DESCRIPTION OF SYMBOLS 1 Internal combustion engine 3 Fuel filter 4 Pump 34 1st filter 35 Filter holder 36 2nd filter 361 Compression coil spring 362 Bottom plate 351b Fuel inflow hole

Claims (3)

In the fuel injection device for supplying the fuel filtered by the fuel filter (3) to the internal combustion engine (1) by increasing the pressure by the pump (4),
The fuel filter includes a first filter (34) made of a non-woven fabric, a filter holder (35) in which a fuel inflow hole (351b) is formed below to accommodate the first filter, and an upstream side of the first filter. And a second filter (36) disposed below the first filter,
The second filter includes a compression coil spring (361) whose upper end surrounds the fuel inflow hole and is in close contact with the filter holder, and a bottom plate (362) that closes the lower end of the compression coil spring. A fuel injection device configured to pass between windings of the compression coil spring from the outer peripheral side of the compression coil spring and flow into the inner peripheral side of the compression coil spring.

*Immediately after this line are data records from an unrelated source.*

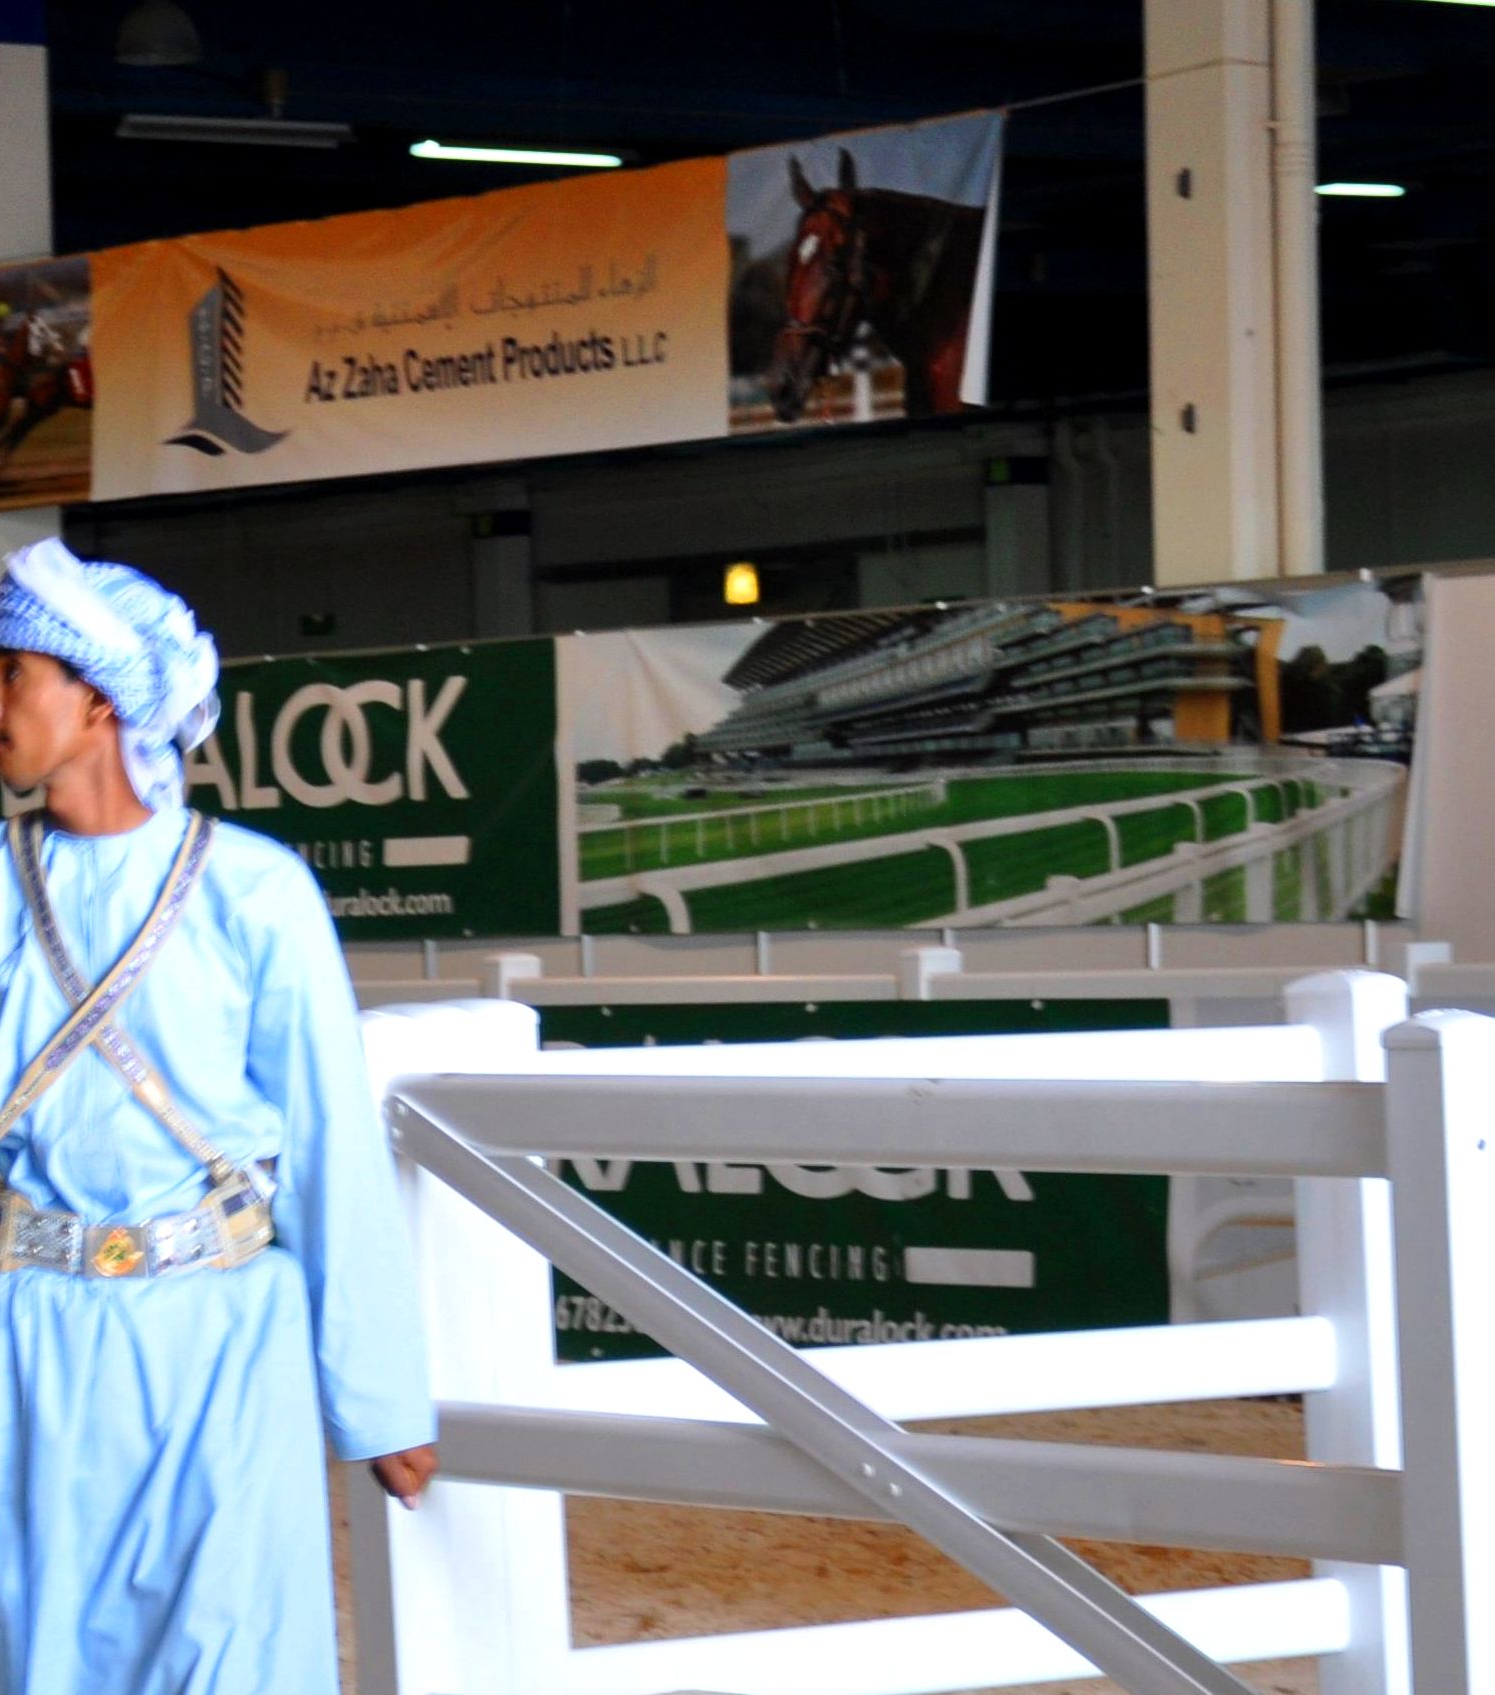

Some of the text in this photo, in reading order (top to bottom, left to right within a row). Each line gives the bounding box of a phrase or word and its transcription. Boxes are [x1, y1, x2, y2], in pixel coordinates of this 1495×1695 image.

[305, 359, 337, 402] Az
[342, 353, 399, 399] Zaha
[405, 340, 497, 393] Cement
[501, 325, 615, 382] Products
[324, 886, 453, 917] uralock.com
[745, 1240, 889, 1283] FENCING
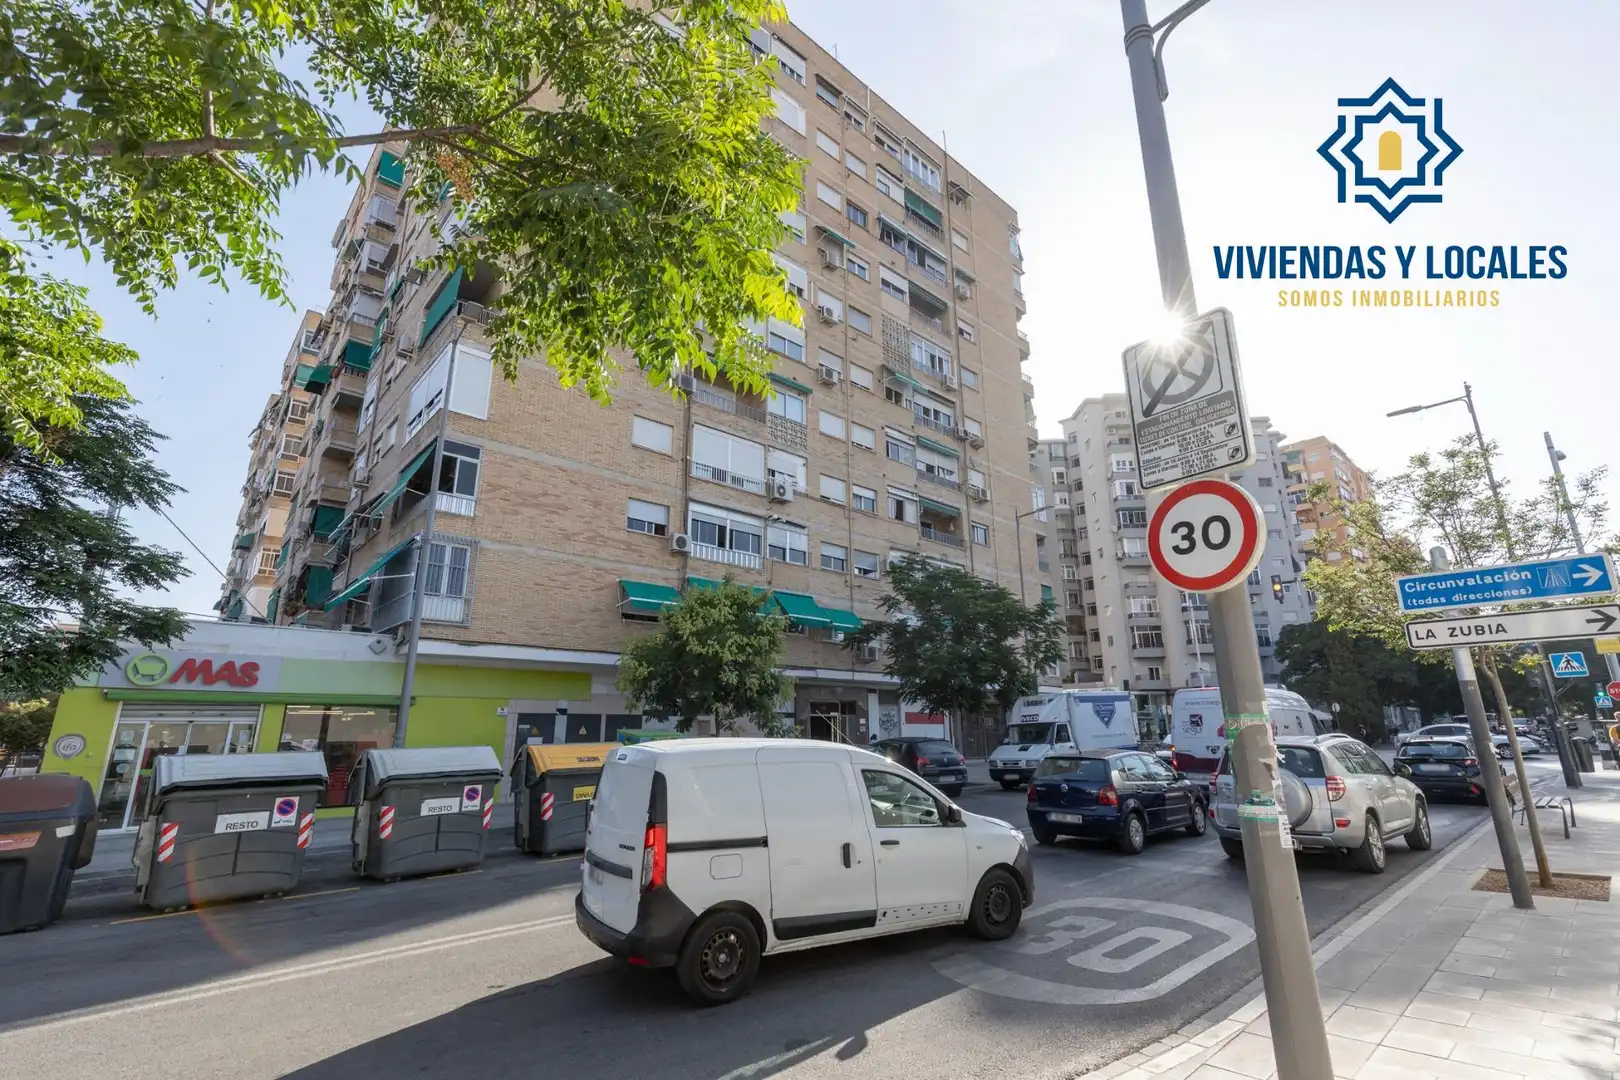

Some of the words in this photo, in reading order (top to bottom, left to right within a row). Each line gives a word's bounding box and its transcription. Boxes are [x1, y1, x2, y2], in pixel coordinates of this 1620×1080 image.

[1140, 411, 1197, 435] ESTACIONAMIENTO
[1198, 399, 1230, 415] LIMITADO
[1159, 413, 1169, 421] FIN
[1170, 410, 1178, 418] DE
[1180, 403, 1197, 414] ZONA
[1199, 400, 1208, 408] DE
[1195, 406, 1235, 424] OBLIGATORIO
[1171, 515, 1231, 555] 30
[1404, 570, 1532, 593] Circunvalación
[1408, 597, 1446, 606] (todas
[1452, 586, 1532, 603] direcciones)
[1414, 629, 1437, 641] LA
[1447, 623, 1508, 638] ZUBIA
[169, 658, 261, 687] MAS
[1021, 714, 1039, 722] IVECO
[427, 804, 453, 813] RESTO
[225, 820, 259, 831] RESTO
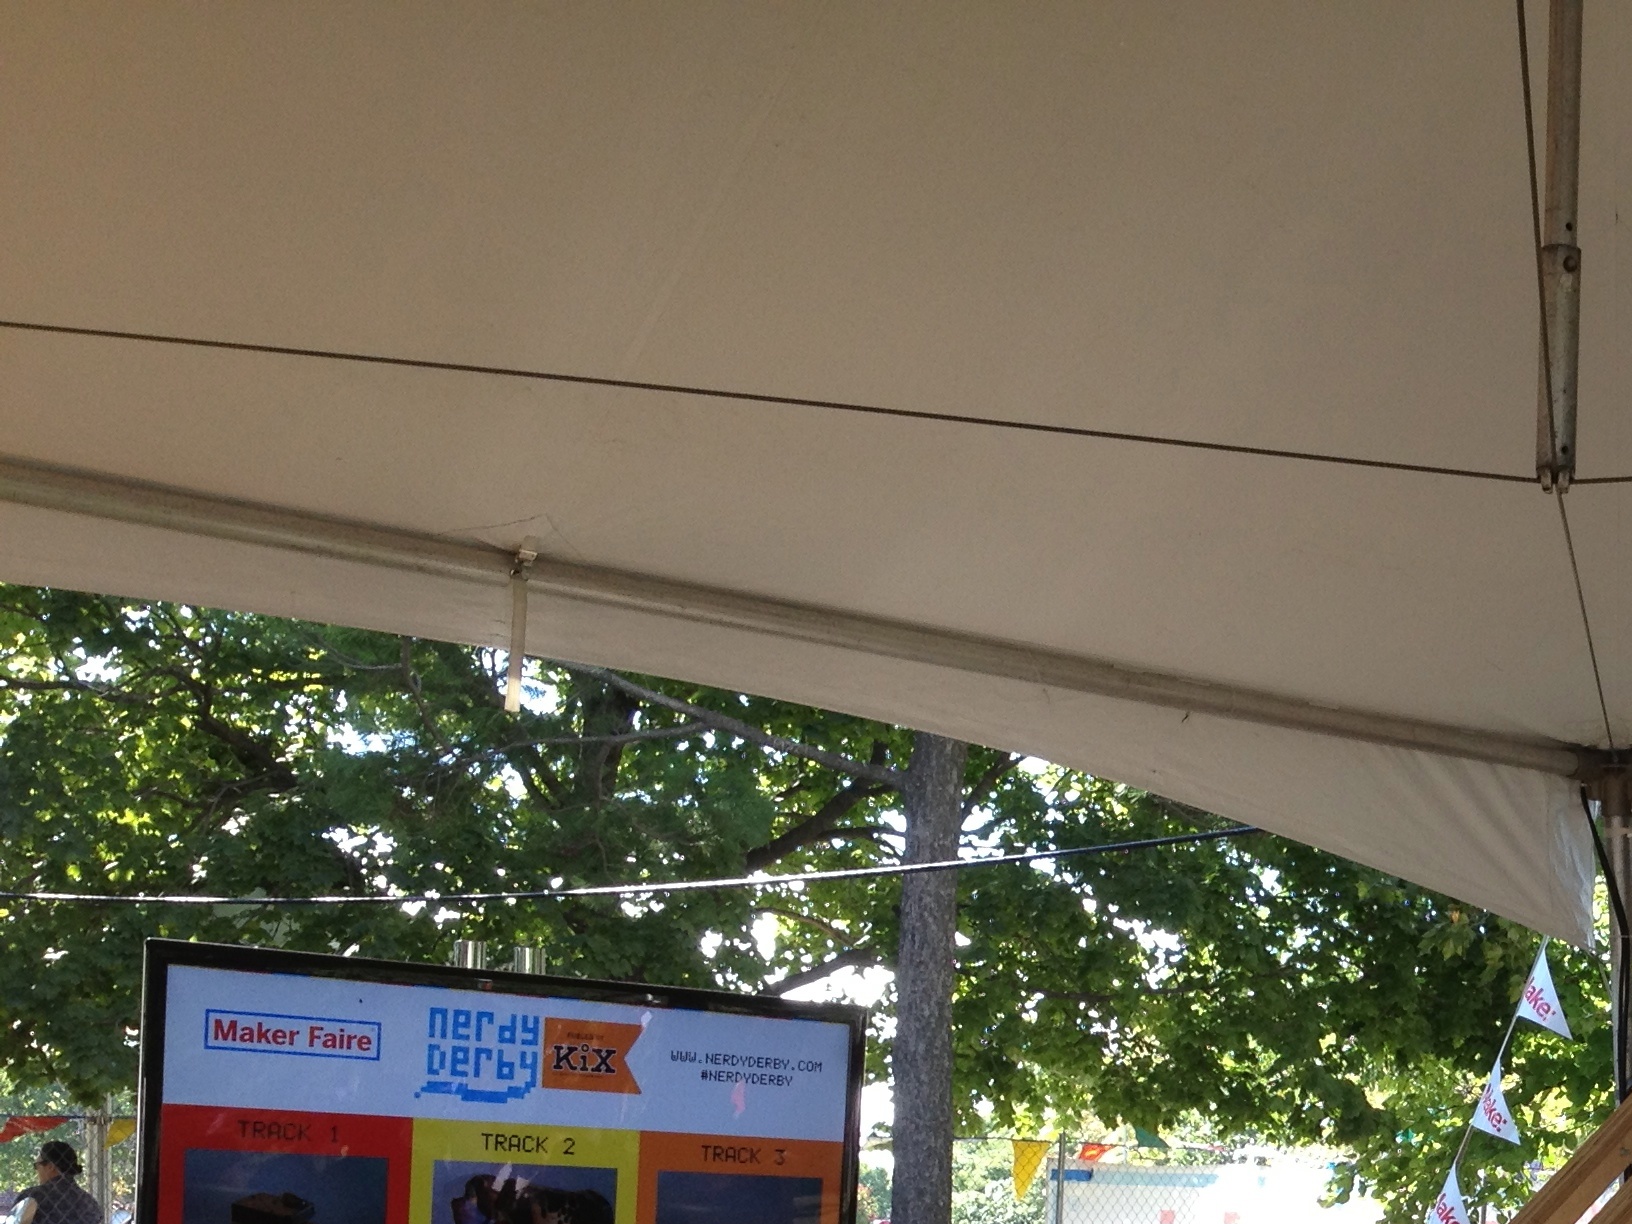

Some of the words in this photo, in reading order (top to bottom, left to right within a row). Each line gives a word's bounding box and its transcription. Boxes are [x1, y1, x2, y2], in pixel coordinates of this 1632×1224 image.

[1524, 976, 1557, 1022] ake:
[213, 1018, 300, 1046] Maker
[308, 1025, 372, 1052] Faire
[428, 1006, 540, 1046] nerdy
[670, 1050, 823, 1073] WWW.NERDYDERBY.COM
[700, 1069, 794, 1087] #NERDYDERBY
[236, 1119, 312, 1142] TRACK
[330, 1125, 340, 1144] 1
[481, 1132, 549, 1154] TRACK
[562, 1138, 577, 1156] 2
[701, 1145, 762, 1165] TRACK
[774, 1149, 787, 1166] 3
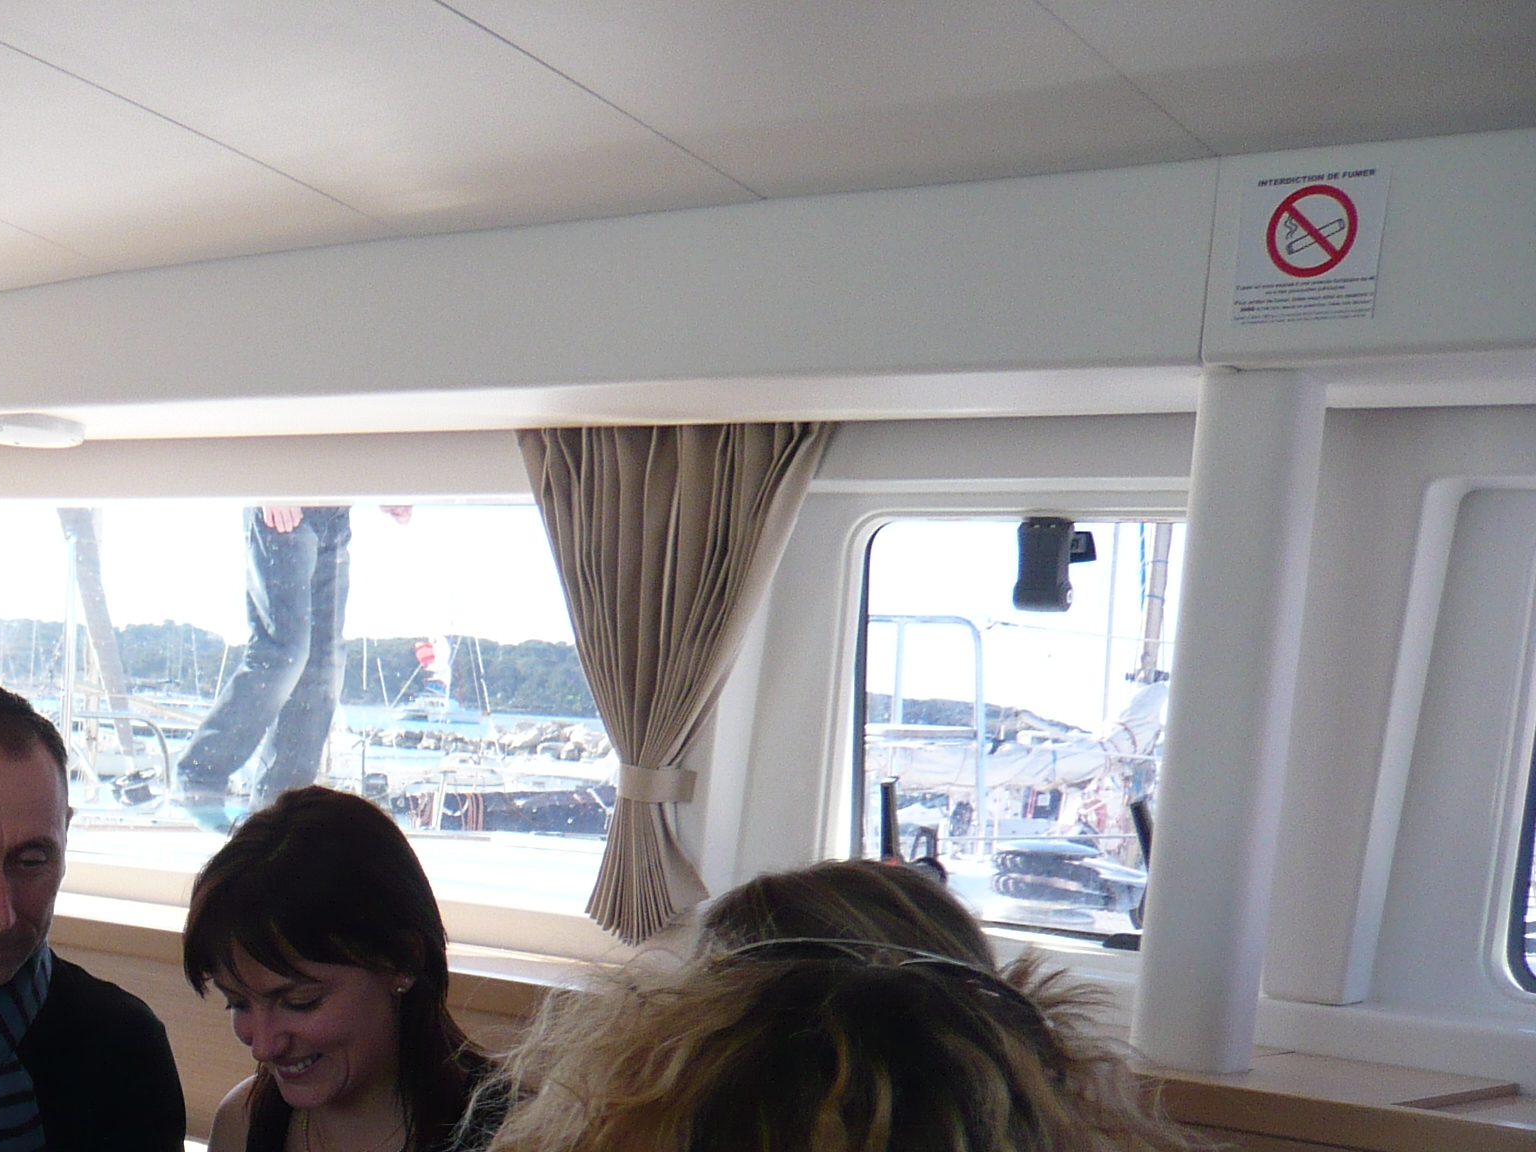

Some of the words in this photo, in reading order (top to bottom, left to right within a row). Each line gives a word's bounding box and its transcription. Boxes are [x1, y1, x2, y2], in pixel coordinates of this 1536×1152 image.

A common rail (5) for storing fuel that has been pressurized by the pump;
A return path (7) for returning the fuel in the common rail to the inner peripheral side of the compression coil spring;
The fuel injection device according to claim 1, further comprising a return path on-off valve (8) that opens the return path when the internal combustion engine is stopped. An opening (362a) that is formed in the bottom plate and communicates the inner peripheral side of the compression coil spring and the outside of the compression coil spring;
A flap (37) for opening and closing the opening;
The fuel injection device according to claim 2, further comprising a flap spring (38) for urging the flap in a direction in which the flap closes the opening.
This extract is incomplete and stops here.